31/07/2021

ADRIA

"Sì alla tolleranza, ma proteggiamo gli animali da una sofferenza inutile"

La mobilitazione di Gabriella Gibin, della tutela dei diritti degli animali, che salva un agnellino dalla macellazione

21/07/2021 - 16:38

ADRIA - Lui è il primo. Si gode l'ombra nel bagagliaio dell'auto, adagiato sulla lettiera e con a fianco il biberon. L'agnellino non saprà mai di averla scampata bella e che potrà crescere e seguire il ciclo naturale della propria vita in una oasi, grazie alla mobilitazione di Gabriella Gibin, presidente della Commissione provinciale per la tutela dei diritti degli animali. Dopo di lui, ricevuto in regalo dal macellatore stesso, ne arriveranno altri, acquistati da Gabriella e dagli altri attivisti per sottrarli alla futura macellazione. 

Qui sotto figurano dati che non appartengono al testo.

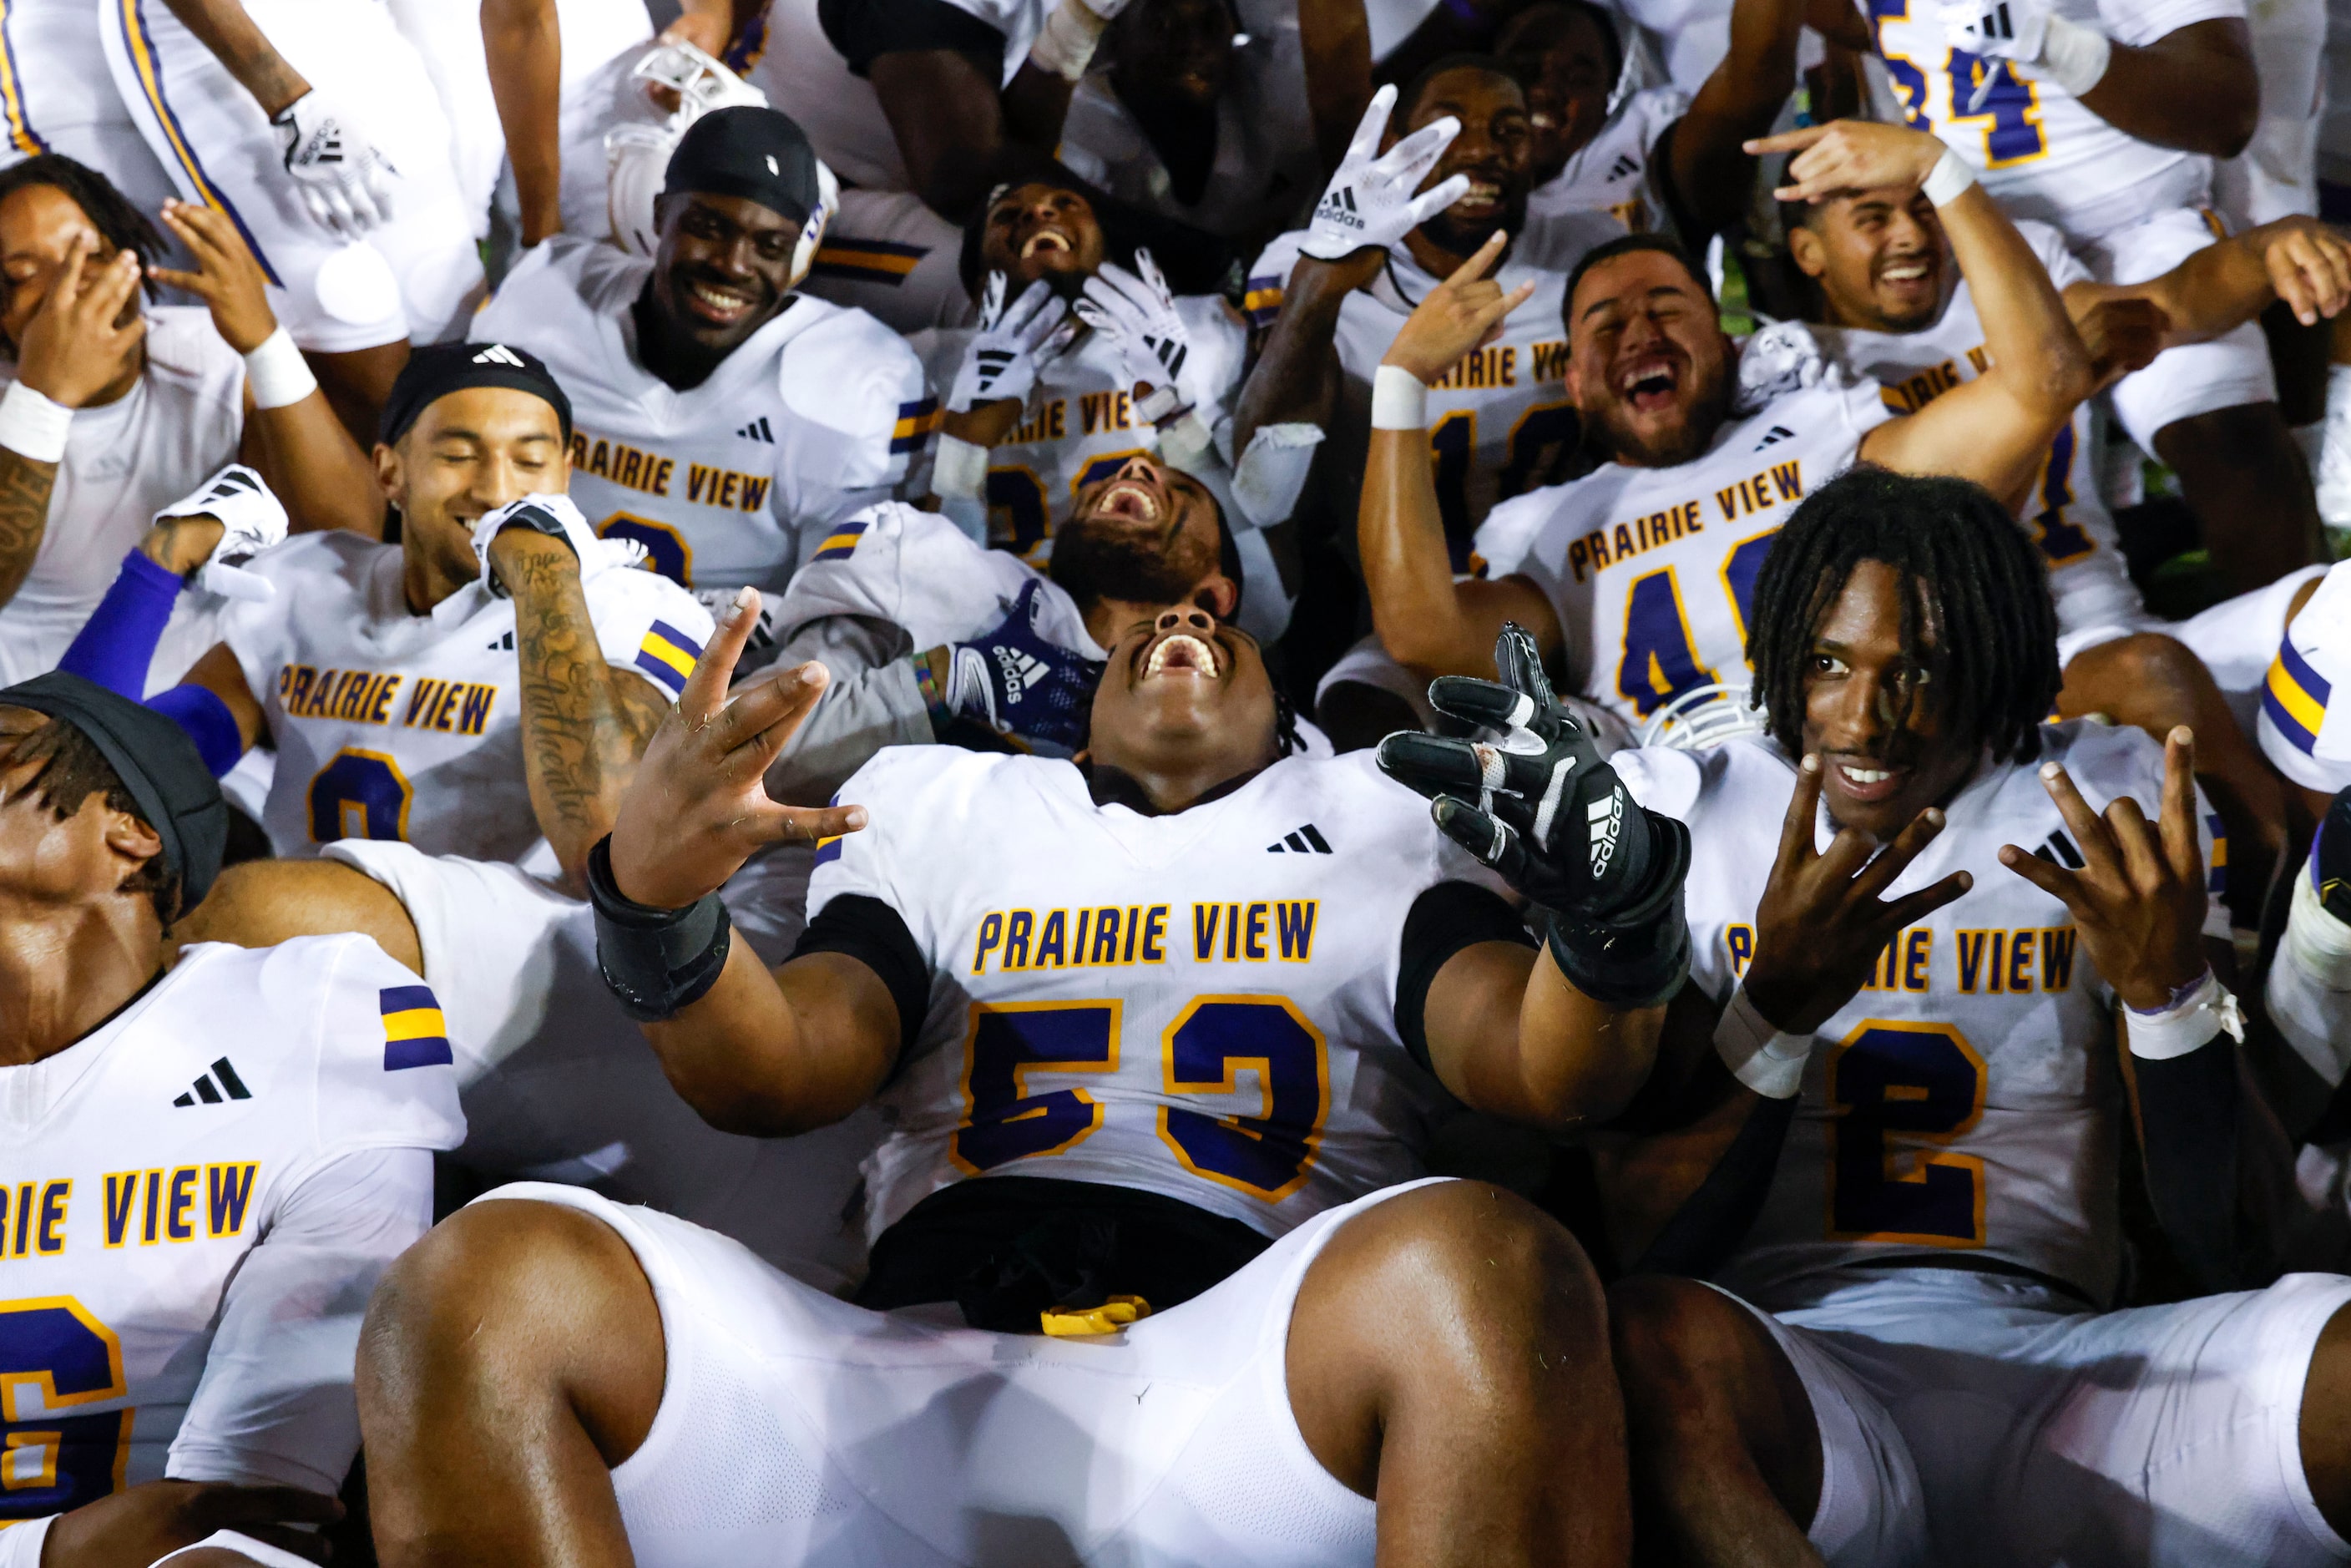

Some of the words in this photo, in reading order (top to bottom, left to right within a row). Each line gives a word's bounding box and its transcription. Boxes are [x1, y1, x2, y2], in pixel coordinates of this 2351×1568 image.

E' la storia di una mobilitazione rispettosa, fatta senza prevaricare i diritti degli altri e precisando sempre che l'attività contro la quale si sta prendendo posizione è, comunque, svolta nel pieno rispetto della legge. Infatti, la richiesta degli animalisti è quella di rendere più attuale e maggiormente rispettosa degli animali proprio la norma. Al centro di tutto, la disposizione che consente la celebrazione della "Festa del sacrificio", di origine islamica, e che consente, per tre giorni - domani sarà l'ultimo - la macellazione con sgozzamento degli animali, solo in alcuni macelli appositamente autorizzati. Tra questo, quello della zona di Cavanella Po, al centro delle cronache di questi giorni, proprio per il clamore suscitato dalla vicenda.

Polizia, polizia locale e carabinieri hanno presidiato la zona sin da martedì 20 luglio, ma tutto si è svolto senza tensioni. Ciò che gli animalisti chiedono è che anche in Italia venga adottata la disposizione, "presente in altri Paesi dell'Ue", spiega Gabriella , che pure consentono i tre giorni di deroga per la Festa del Sacrificio, secondo la quale gli animali, prima dello sgozzamento, debbono essere indotti in stato quasi soporoso, onde limitare al massimo la sofferenza.

"La nostra richiesta non ha nulla a che fare con razzismo - spiega Gabriella, coccolandosi il primo degli agnellini salvati - Noi siamo per la piena tolleranza, su questo non si transige. Semplicemente, chiediamo che anche il nostro Paese si adegui a una disposizione di legge che protegge gli animali da una sofferenza che riteniamo inutile". Ovviamente, chi ama gli animali non può approvare una pratica quale quella in corso in questi tre giorni a Cavanella, ma c'è la consapevolezza che, all'interno del macello, si sta svolgendo qualcosa di consentito dalla legge, non vi sono irregolarità in corso in altri termini.

Per ora, la mobilitazione ha consentito di portare a casa un primo risultato: tante piccole nuvolette bianche belanti - questo sembrano gli agnellini - non conosceranno la macellazione alla quale apparivano avviati prima o poi. Magari non è la soluzione definitiva, ma non è neppure poco. "Voglio ringraziare di cuore - spiega Gabriella - le persone che sono qui, volontarie e cittadini, che ci stanno supportando. Ringrazio Enrico Piva dell'associazione 'Sos Natura', perché appena abbiamo liberato il primo agnellino ci ha portato latte e biberon".